Desak-desakan dan saling dorong tak dapat terhindarkan mengingat waktu singkat dan lagi yang dapat jatah adalah kebanyakan para Ibu. Setelah asar adalah waktu dimana para Ibu memasak untuk menyajikan menu berbuka untuk keluarga. Maka seandainya bisa diwakili oleh anggota keluarga yang lain, tentu sangat berterima kasih, apalagi pemerintah desa mempunyai insiatif mengordinir warganya untuk dibantu mengambilkan. Jadi tak ada acara desak-desakan dan tergesa-gesa.

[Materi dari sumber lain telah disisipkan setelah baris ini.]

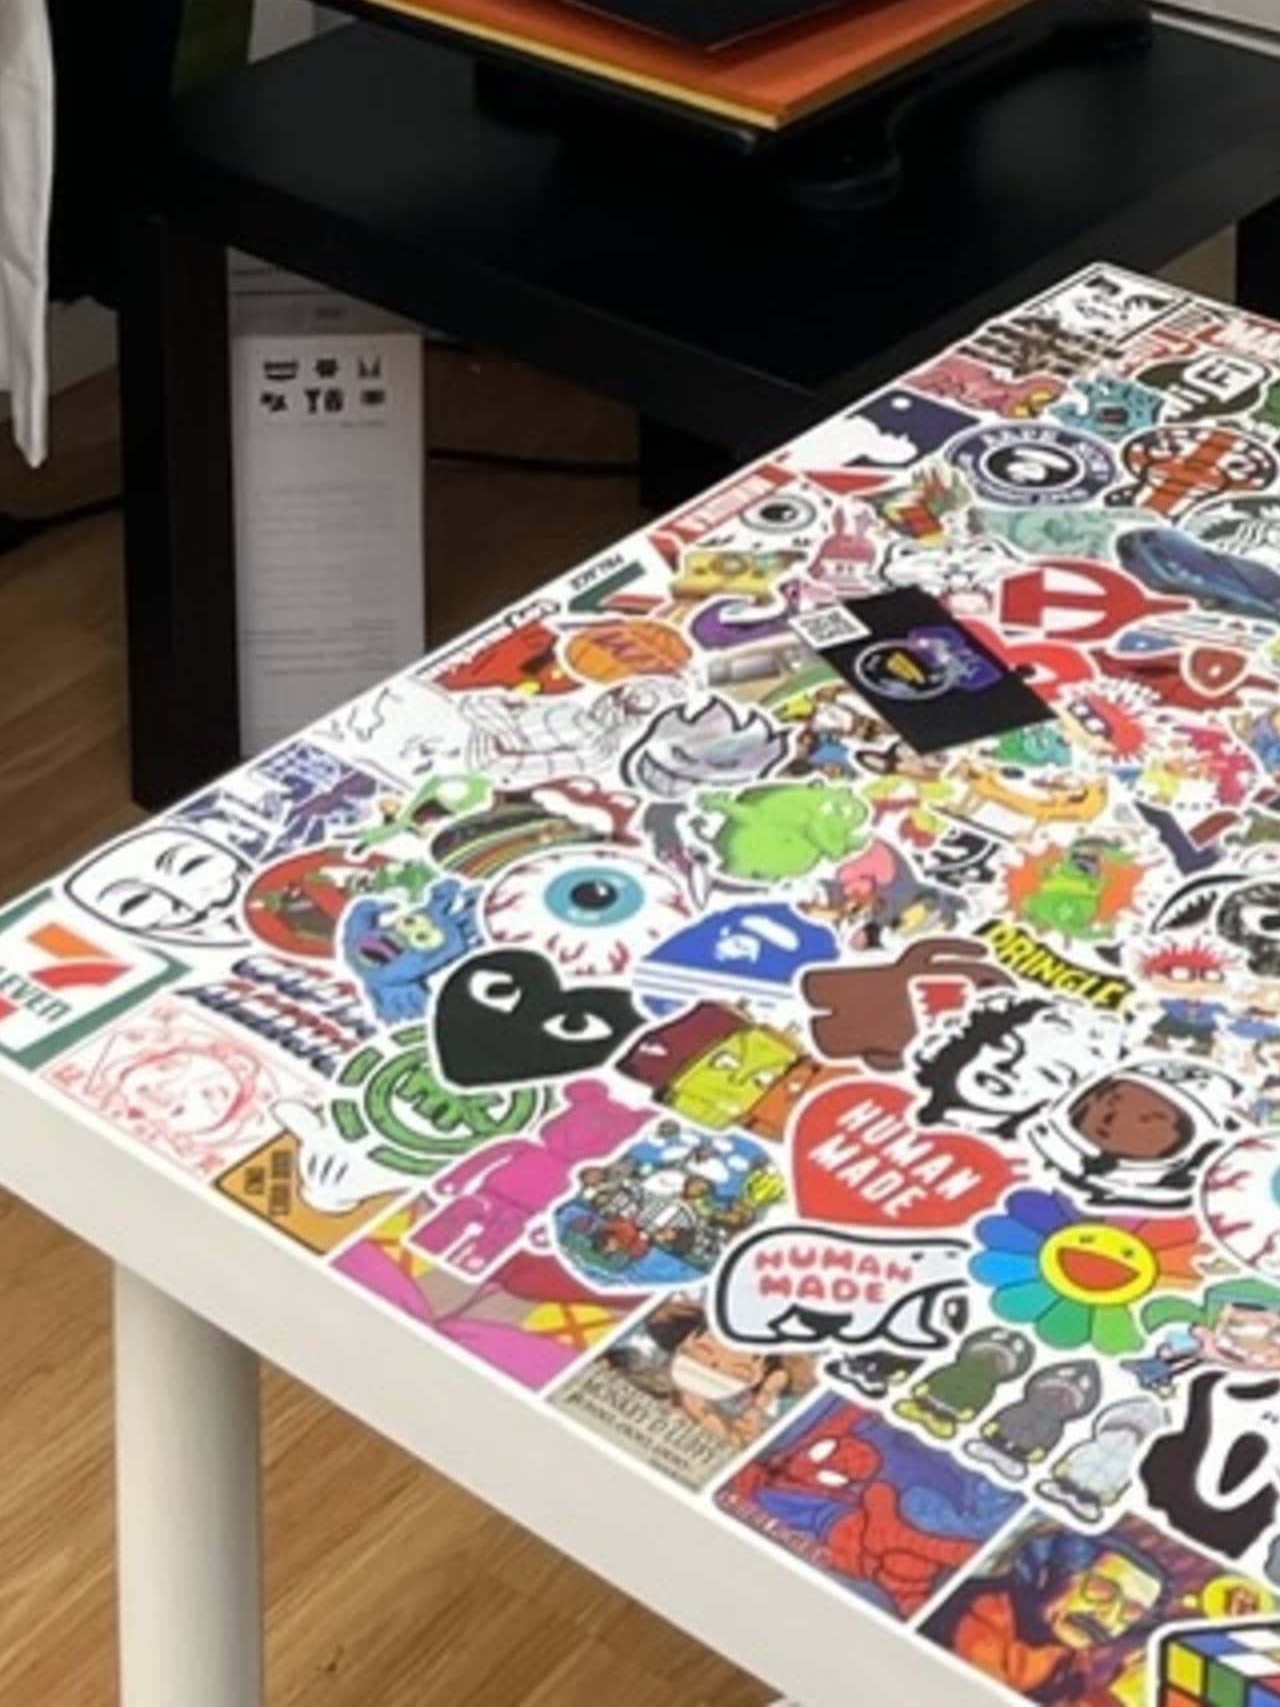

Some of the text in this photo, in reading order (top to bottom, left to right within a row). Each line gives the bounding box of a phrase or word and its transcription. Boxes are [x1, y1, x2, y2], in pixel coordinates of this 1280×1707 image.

[807, 1133, 929, 1219] MADE
[835, 1098, 983, 1201] HUMAN
[754, 1245, 912, 1284] HUMAN
[758, 1274, 886, 1304] MADE

Begitulah curahan hati mereka.
Selepas mengikuti kegiatan tahlil tersebut saya diajak Ibu menjenguk salah satu tetangga yang katanya mengalami musibah saat pengambilan BLT. Saya mendengarkan ceritanya dengan seksama. Singkat cerita ia ikut mengantri dan berdesakan di depan pintu pos. Ia tersungkur ke lantai dan naasnya tangannya terinjak oleh warga yang lain.

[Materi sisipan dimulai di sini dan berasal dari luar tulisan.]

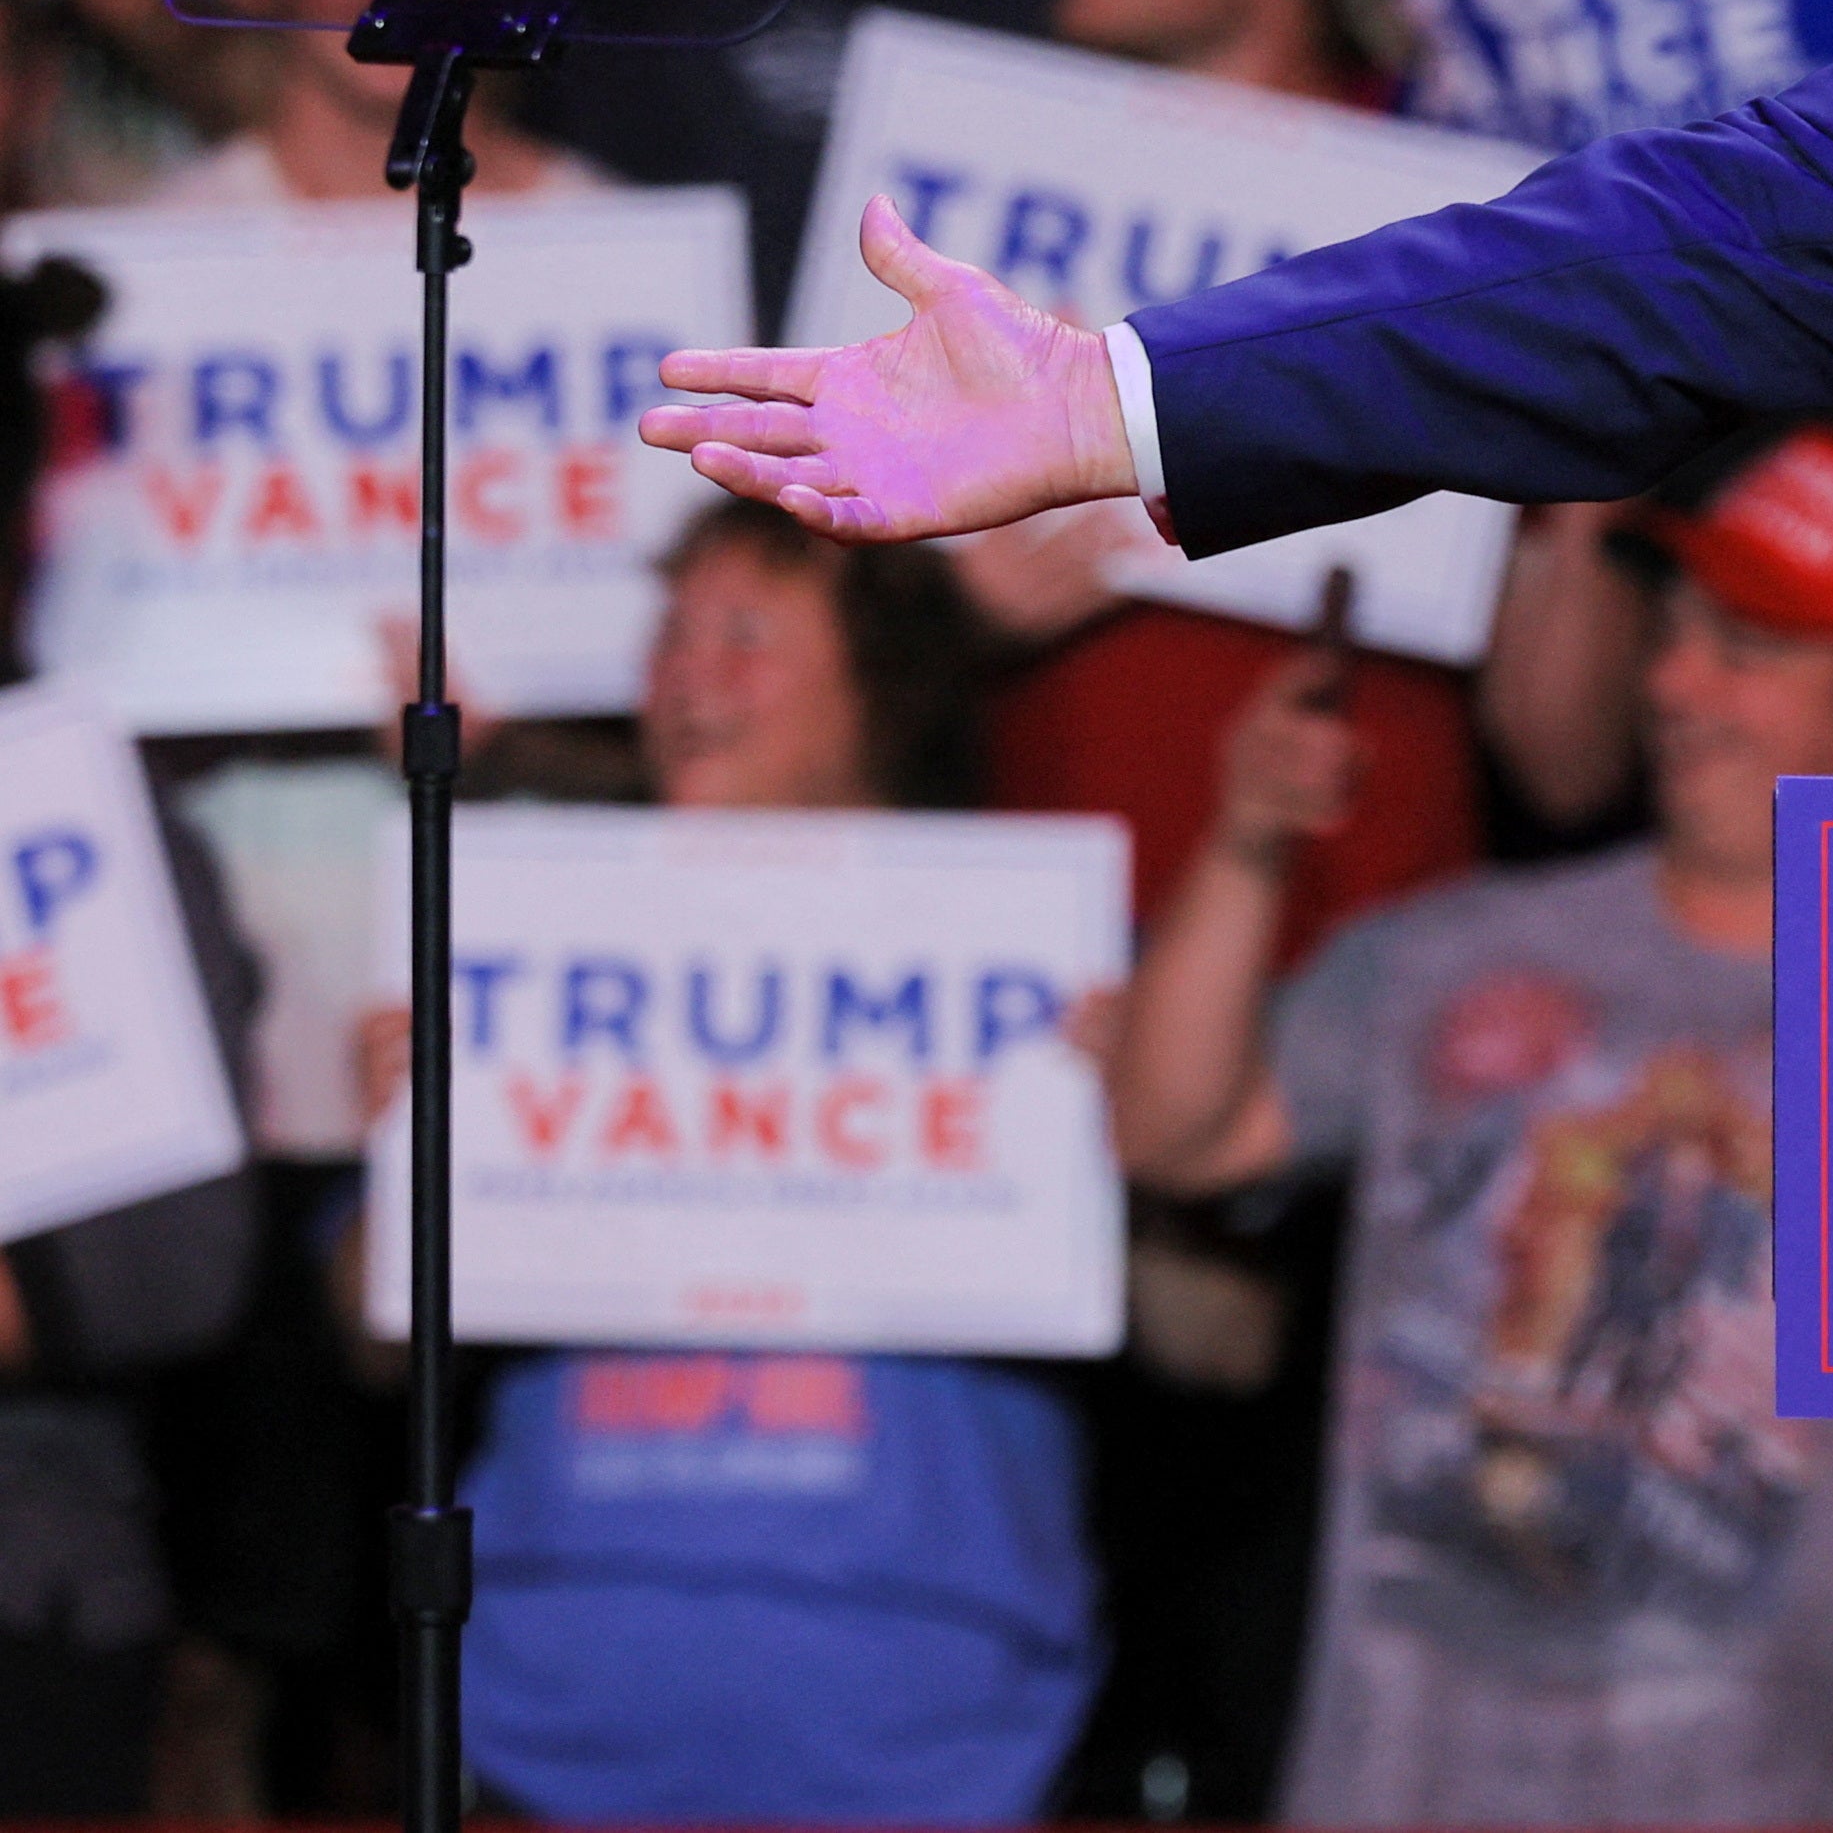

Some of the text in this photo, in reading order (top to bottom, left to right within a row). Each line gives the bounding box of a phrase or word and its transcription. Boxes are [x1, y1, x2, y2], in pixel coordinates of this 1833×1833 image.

[84, 328, 678, 452] TRUMP
[143, 446, 632, 546] VANCE
[452, 953, 1062, 1064] TRUMP
[505, 1068, 990, 1166] VANCE

Awalnya ia menghiraukan rasa sakit karena dalam angannya mengira hanya terkilir sedikit. Sesampainya dirumah ia pergi ke tukang pijat, namun ia baru tau bahwa tangannya patah segera ia periksakan ke dokter. Uang bantuan yang didapatkan lalu lenyap begitu saja hanya untuk biaya pengobatan tangannya. Kalau sudah begini, siapa yang bertanggung jawab.
Saya pernah berpikir, seandainya bantuan-bantuan semacam ini dikelola oleh pemerintah desa pasti akan lebih efisien. Selain hemat waktu dan tenaga, pun menghindarkan dari yang namanya berdesakan dan saling dorong antar warga. Bukan semacam ini, warga yang harus mengurus dan mengambil haknya sendiri dengan cara berdesakan. Saya melihatnya miris, namun saya tak bisa berbuat apapun.
Seharusnya segala macam hal yang menyangkut warga desa, pemerintah desa punya kewenangan untuk tahu dan membantu mengurus. Bukankah tugas seorang pemerintah adalah untuk melayani warganya. Itulah sekelumit cerita dari Curah (Curahan Hati Rakyat).